THE GLORY OF THE GOSPEL: A GLORIOUS MESSAGE
Paul came to the climax of His ministry saying, “I am innocent of the blood of all men” (Acts 20:26). He had no regrets. The apostle had been a faithful steward of the Gospel message entrusted to him. Just before his head would go one way, his body another and his soul another, from the executioner’s blow, his last will and testament was, “I have fought the good fight, I have finished the race, I have kept the faith.” (2 Timothy 4:7) Paul faced death and eternity regretless.
He believed the Gospel message was glorious in:
ITS POWER “For I am not ashamed of the gospel of Christ, for it is the power of God to salvation…” (Romans 1:16a). He wasn’t ashamed of the Gospel. Are you? Rome sniffed its imperial nose at the cross. How could a poor Jew, executed as a criminal save anybody? But Paul knew its power. He wasn’t just a witness—He was part of the evidence! People should see the difference the Gospel makes in us—and then they’ll believe it! The word is dunamis (we get the word dynamite from it) and that describes some people’s religion—it makes a lot of noise, stirs up a lot of dust and one big bang and its over! A better word is dynamo—an engine of energy. That’s what true faith does.
ITS PROVISION “salvation to everyone who believes, for the Jew first and also for the Greek.” (Romans 1:16b) God provides salvation to all who believe. It’s just that simple! God made a way where anybody can be saved. Today, if you are ready to give your life to Christ, God stands ready to forgive you and to save you! God doesn’t ask us to behave but to believe. It isn’t reformation, but regeneration. More than knowing the content of the Gospel in our head; it is a commitment to Christ in heart.

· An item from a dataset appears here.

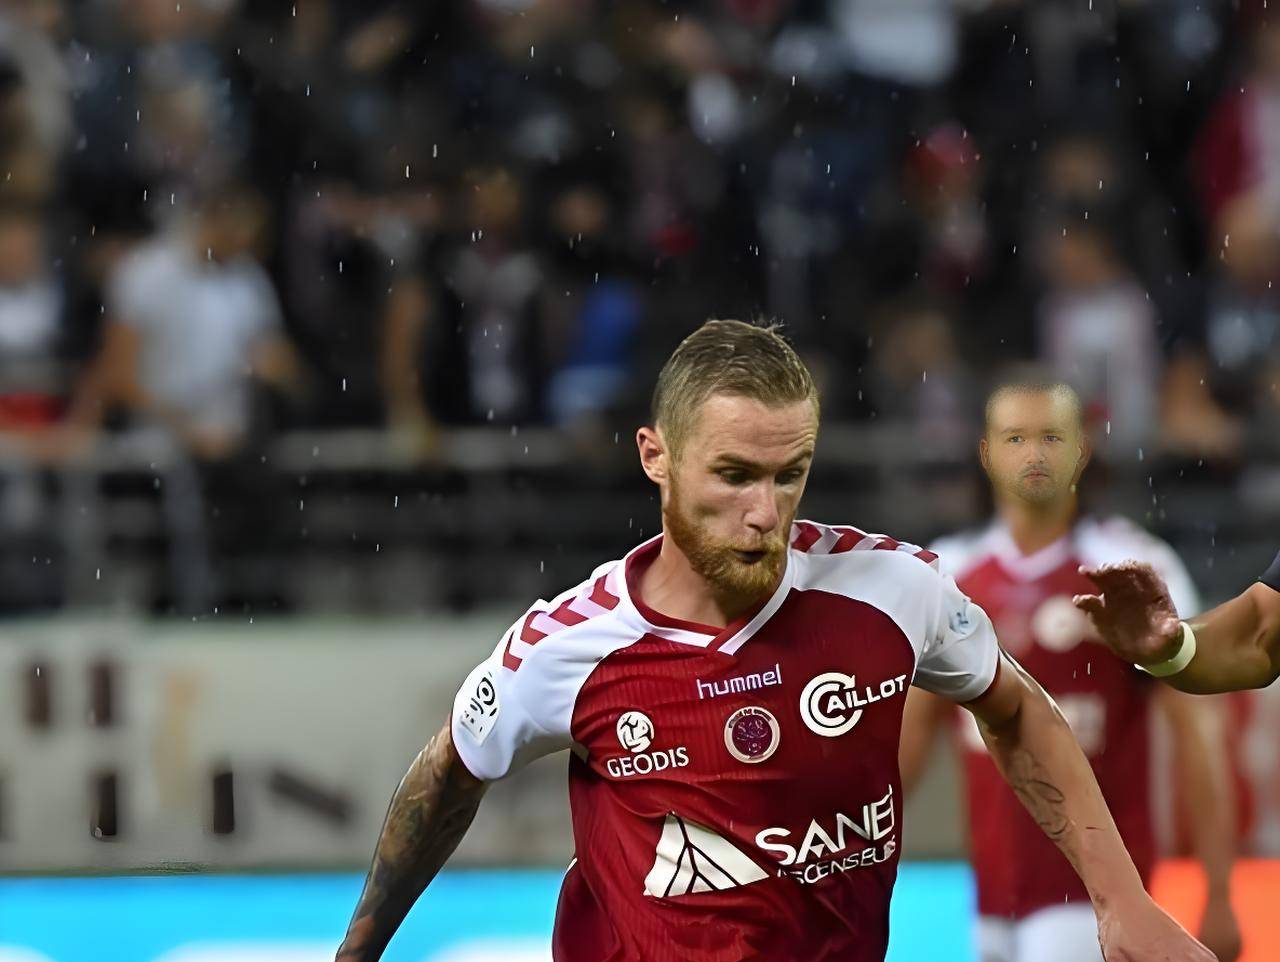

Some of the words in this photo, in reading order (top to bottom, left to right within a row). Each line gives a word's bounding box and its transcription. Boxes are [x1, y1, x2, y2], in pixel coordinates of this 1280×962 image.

ITS PROMISE “For in it the righteousness of God is revealed from faith to faith; as it is written, ‘The just shall live by faith.’” (Romans 1:17) The Gospel promises sinners a right standing before the Holy God by faith in Christ. It was reading Romans, that brought conviction to the immoral Augustine and he was converted and became a brilliant theologian. Martin Luther’s eyes fell on Romans 1:17 and was delivered from guilt and into grace—and the Protestant Reformation began. John Wesley was reading Luther’s commentary on Romans when he felt his heart “strangely warmed” and was saved—helping ignite revival in the 18th century. The promise is to you as well!
Have you placed your faith in Christ?
If so, have you publicly confessed Him through baptism?
Having done that, are you continuing to unashamedly stand for Christ and share the Gospel?